Oh that’s interesting. It’s been a while now since I did this, but I think I was implicitly doing that with this calc
Yeah wrt to your botec, I wasn’t sure whether you were implicitly writing off time spent asleep.
I suppose you would also have to do the same for measuring the effects of money on wellbeing. Do you do that?
Implicitly, yes. Though don’t use that exact formulation. money vs daly comparison is based on reported preference not swb. Daly vs swb comparison implicitly writes off time spent asleep where I assumed 1 daly = difference between 40->100 on swb scale.
If didn’t exclude sleep in botec, would make alcohol look worse as happiness bump from alcohol would be for lower % of time. (Set row 21 to 24)
Yeah I’m not making the ‘you’ve underestimated net benefits of alcohol’ point, just trying to think through your assumptions
Interesting. That doesn’t seem off to me. If I’m understanding correctly, the implication of your view is that people would generally be better off if they consumed more alcohol and less of other goods on the margin. Is that right?
To put it another way: increasing taxes on alcohol has two effects on consumer surplus: (i) deadweight loss (ii) a transfer from consumers to the government. I think (ii) is probably positive. Almost all taxes involve some amount of deadweight loss, but we do them anyway because we think public goods and redistribution are worth it.
TBC, I’m not claiming that higher excise taxes on alcohol relative to other goods merely shifts the tax burden. If we assume perfect rationality (which I believe would be mistaken), having unequal marginal taxes between goods does result in some additional deadweight loss. But it is a counterveiling factor.

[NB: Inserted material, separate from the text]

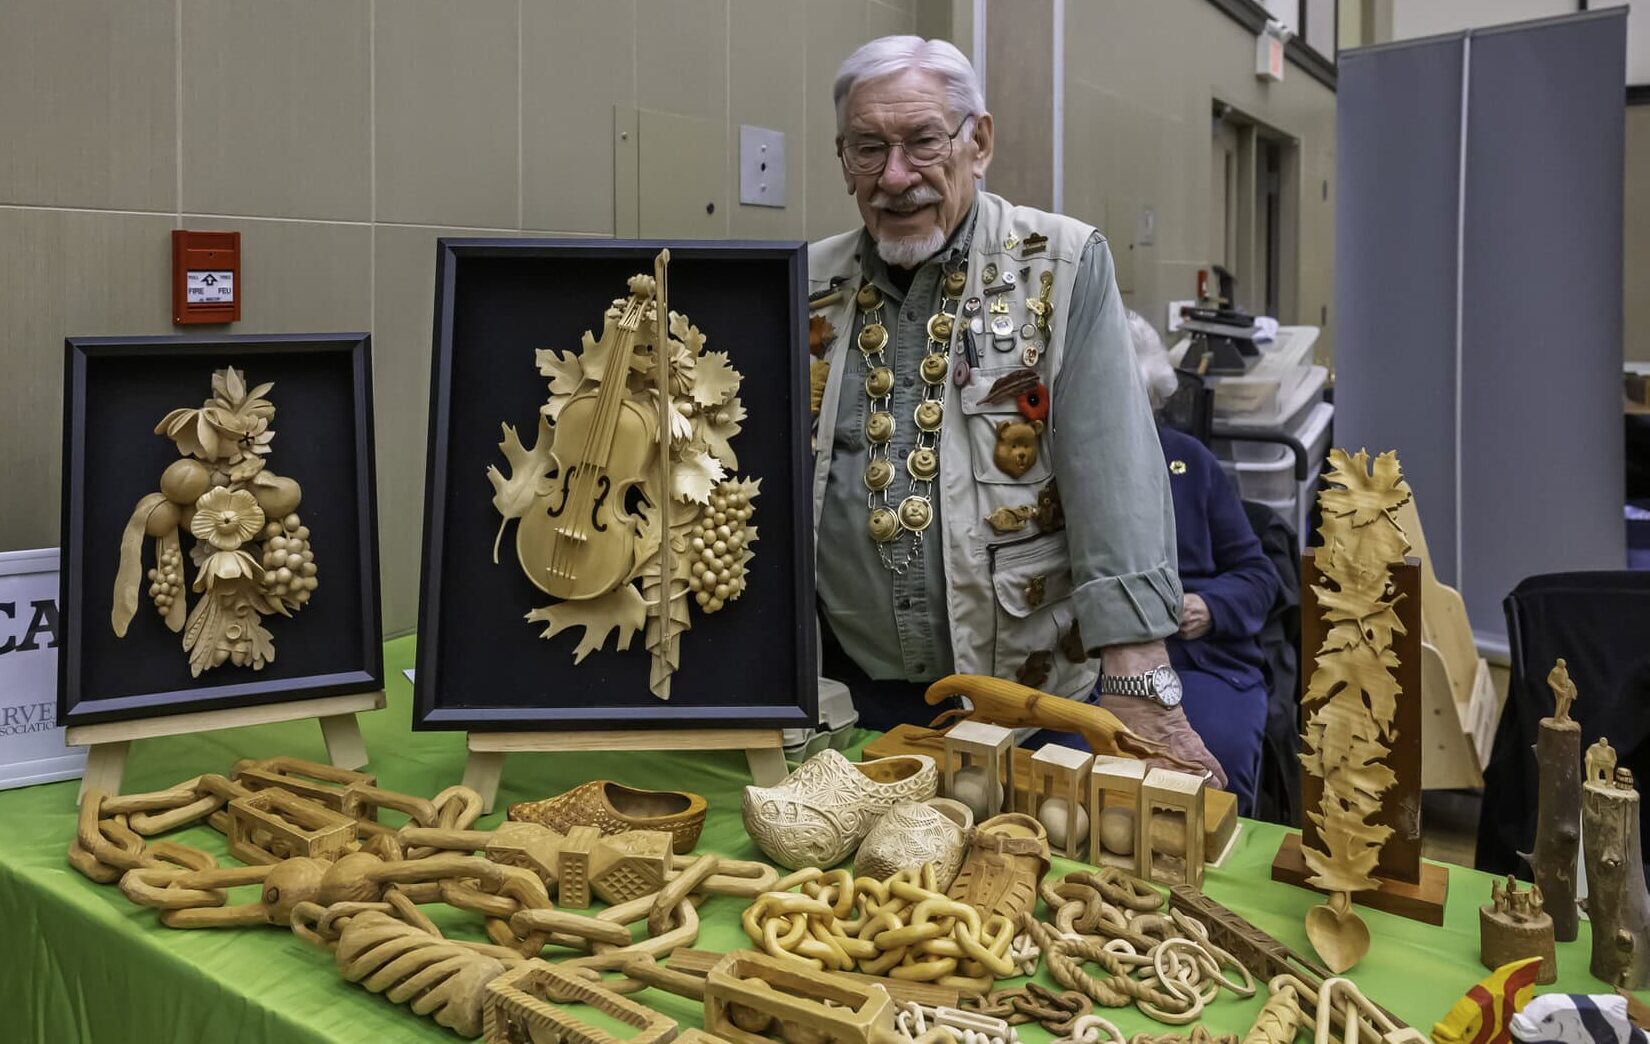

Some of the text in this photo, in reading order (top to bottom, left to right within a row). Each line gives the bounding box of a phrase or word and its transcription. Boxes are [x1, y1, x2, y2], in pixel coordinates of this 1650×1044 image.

A unit of value (in GiveWell’s terms) is equivalent to doubling consumption for a person for a year. A DALY is 2.3 units of value. So you want to be dividing your estimates by 2.3.The Global Burden of Disease estimates ~30 YLLs and ~10 YLDs per death(I didn’t include YLDs in the BOTEC and I underestimated YLLs which makes it conservative, though I also didn’t discount the GBD estimates for imperfect evidence quality and black market consumption not addressable through policy which makes it optimistic. I’d guess these ~cancel).Edit: didn’t see your second comment when writing this where you saw this
Yeah, although interestingly (IIRC) the Baumberg study didn’t find any effect on SWB the day after drinking (though I’m skeptical—maybe people didn’t feel like inputting how sad they were on their phone when they were hungover!)
Hangovers are a myth
The way people downvote jokes on this forum lol. Really discourages it, I feel we need a decent chunk more humor here!